**What you need to do:**
The records below are to be copied exactly, with their pictures left out.

□ □ □

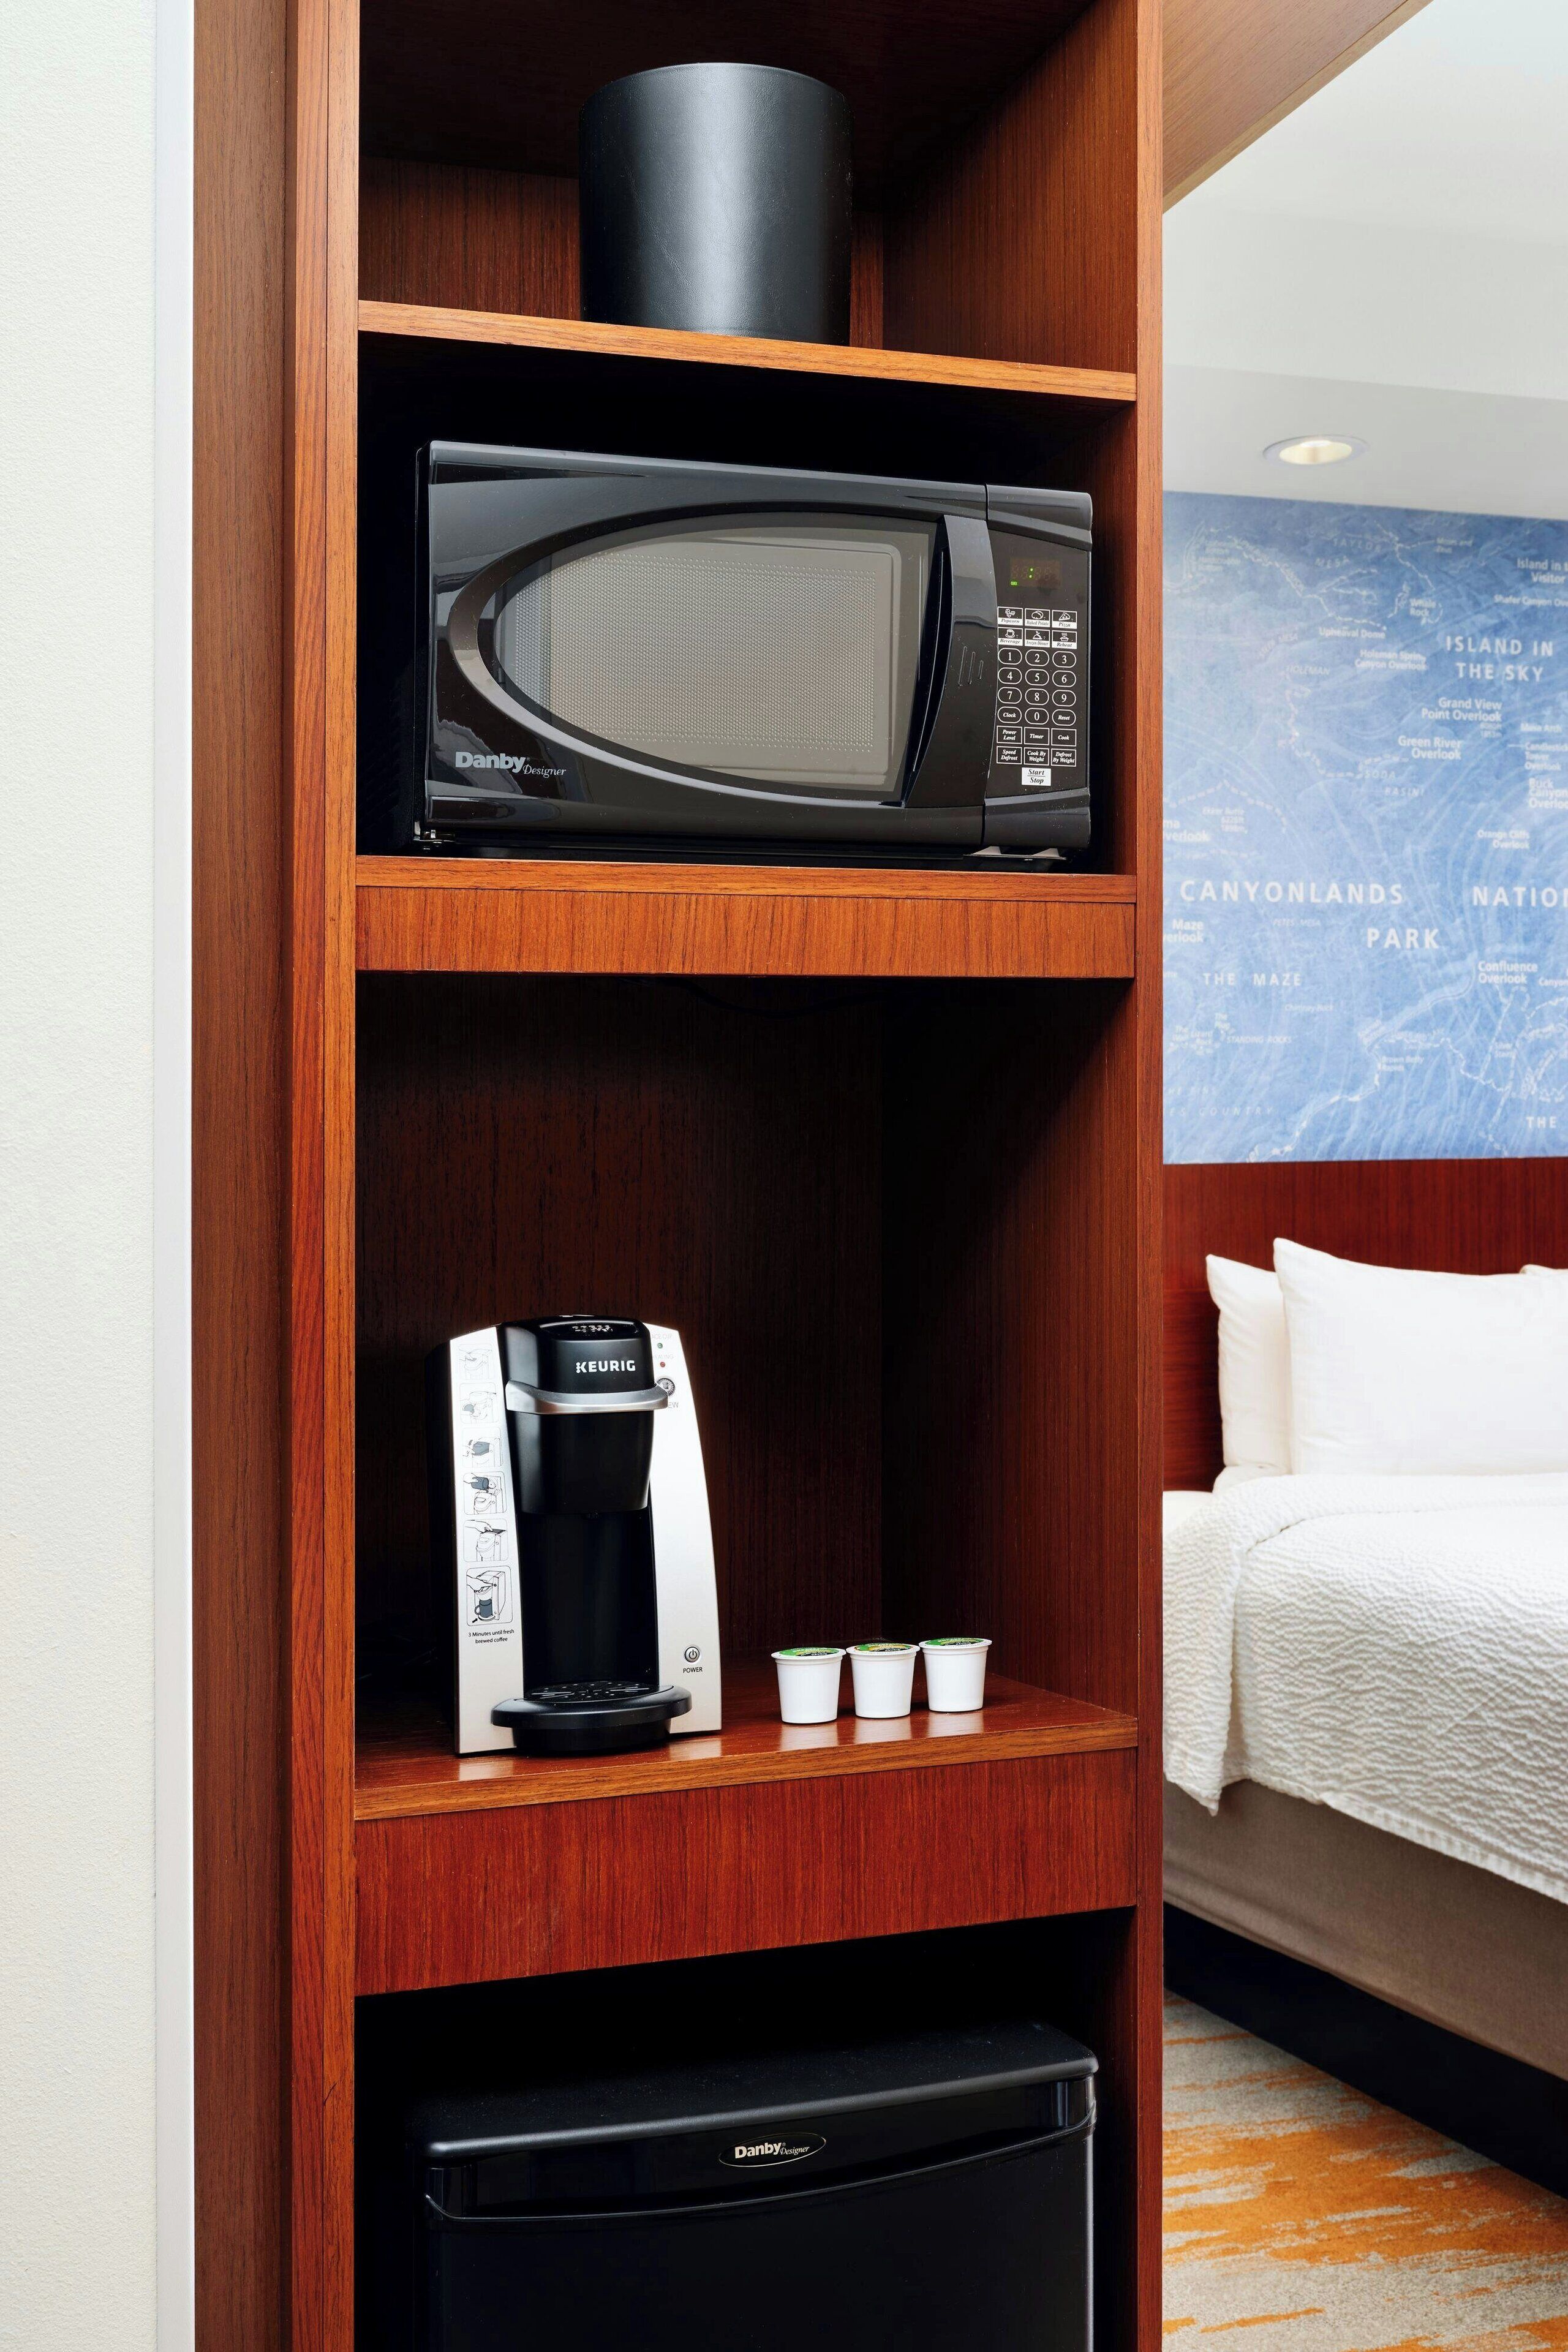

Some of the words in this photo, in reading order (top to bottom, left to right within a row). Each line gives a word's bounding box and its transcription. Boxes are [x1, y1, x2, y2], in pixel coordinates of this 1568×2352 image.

[1517, 558, 1548, 570] Island
[1551, 559, 1561, 571] in
[1531, 571, 1566, 584] Visitor
[1494, 594, 1520, 604] Shafer
[1522, 596, 1552, 607] Canyon
[1410, 607, 1429, 617] Rock
[1361, 628, 1385, 639] Dome
[1446, 635, 1523, 655] ISLAND
[1532, 639, 1554, 657] IN
[1008, 652, 1012, 661] 1
[1035, 654, 1040, 662] 2
[1061, 655, 1067, 664] 3
[1354, 659, 1387, 670] Canyon
[1389, 660, 1427, 671] Overlook
[1007, 671, 1013, 680] 4
[1035, 673, 1040, 682] 5
[1456, 662, 1494, 680] THE
[1505, 663, 1544, 682] SKY
[1061, 674, 1067, 684] 6
[1007, 691, 1012, 699] 7
[1035, 692, 1040, 701] 8
[1061, 694, 1067, 703] 9
[1438, 696, 1472, 709] Grand
[1474, 698, 1503, 710] View
[1034, 712, 1040, 721] 0
[1421, 707, 1450, 720] Point
[1452, 709, 1502, 722] Overlook
[1398, 735, 1431, 747] Green
[1433, 736, 1463, 748] River
[1411, 747, 1461, 760] Overlook
[455, 752, 526, 773] Danby
[522, 763, 567, 778] Designer
[1529, 797, 1568, 809] Overloo
[1163, 829, 1211, 842] verlook
[1477, 829, 1507, 840] Orange
[1180, 880, 1404, 905] CANYONLANDS
[1172, 919, 1204, 930] Maze
[1366, 927, 1439, 949] PARK
[1478, 960, 1538, 973] Confluence
[1203, 971, 1237, 986] THE
[1253, 973, 1303, 987] MAZE
[1479, 972, 1528, 984] Overlook
[1227, 1035, 1264, 1044] STANDING
[1526, 1116, 1557, 1129] THE
[575, 1360, 636, 1374] KEURIG
[734, 2142, 782, 2158] Danby
[780, 2146, 810, 2155] Designer

□ □ □

**Answer area:**
Some of the words in this photo, in reading order (top to bottom, left to right within a row). Each line gives a word's bounding box and its transcription. Boxes are [x1, y1, x2, y2], in pixel coordinates of this 1568×2352 image.

[1517, 558, 1548, 570] Island
[1551, 559, 1561, 571] in
[1531, 571, 1566, 584] Visitor
[1494, 594, 1520, 604] Shafer
[1522, 596, 1552, 607] Canyon
[1410, 607, 1429, 617] Rock
[1361, 628, 1385, 639] Dome
[1446, 635, 1523, 655] ISLAND
[1532, 639, 1554, 657] IN
[1008, 652, 1012, 661] 1
[1035, 654, 1040, 662] 2
[1061, 655, 1067, 664] 3
[1354, 659, 1387, 670] Canyon
[1389, 660, 1427, 671] Overlook
[1007, 671, 1013, 680] 4
[1035, 673, 1040, 682] 5
[1456, 662, 1494, 680] THE
[1505, 663, 1544, 682] SKY
[1061, 674, 1067, 684] 6
[1007, 691, 1012, 699] 7
[1035, 692, 1040, 701] 8
[1061, 694, 1067, 703] 9
[1438, 696, 1472, 709] Grand
[1474, 698, 1503, 710] View
[1034, 712, 1040, 721] 0
[1421, 707, 1450, 720] Point
[1452, 709, 1502, 722] Overlook
[1398, 735, 1431, 747] Green
[1433, 736, 1463, 748] River
[1411, 747, 1461, 760] Overlook
[455, 752, 526, 773] Danby
[522, 763, 567, 778] Designer
[1529, 797, 1568, 809] Overloo
[1163, 829, 1211, 842] verlook
[1477, 829, 1507, 840] Orange
[1180, 880, 1404, 905] CANYONLANDS
[1172, 919, 1204, 930] Maze
[1366, 927, 1439, 949] PARK
[1478, 960, 1538, 973] Confluence
[1203, 971, 1237, 986] THE
[1253, 973, 1303, 987] MAZE
[1479, 972, 1528, 984] Overlook
[1227, 1035, 1264, 1044] STANDING
[1526, 1116, 1557, 1129] THE
[575, 1360, 636, 1374] KEURIG
[734, 2142, 782, 2158] Danby
[780, 2146, 810, 2155] Designer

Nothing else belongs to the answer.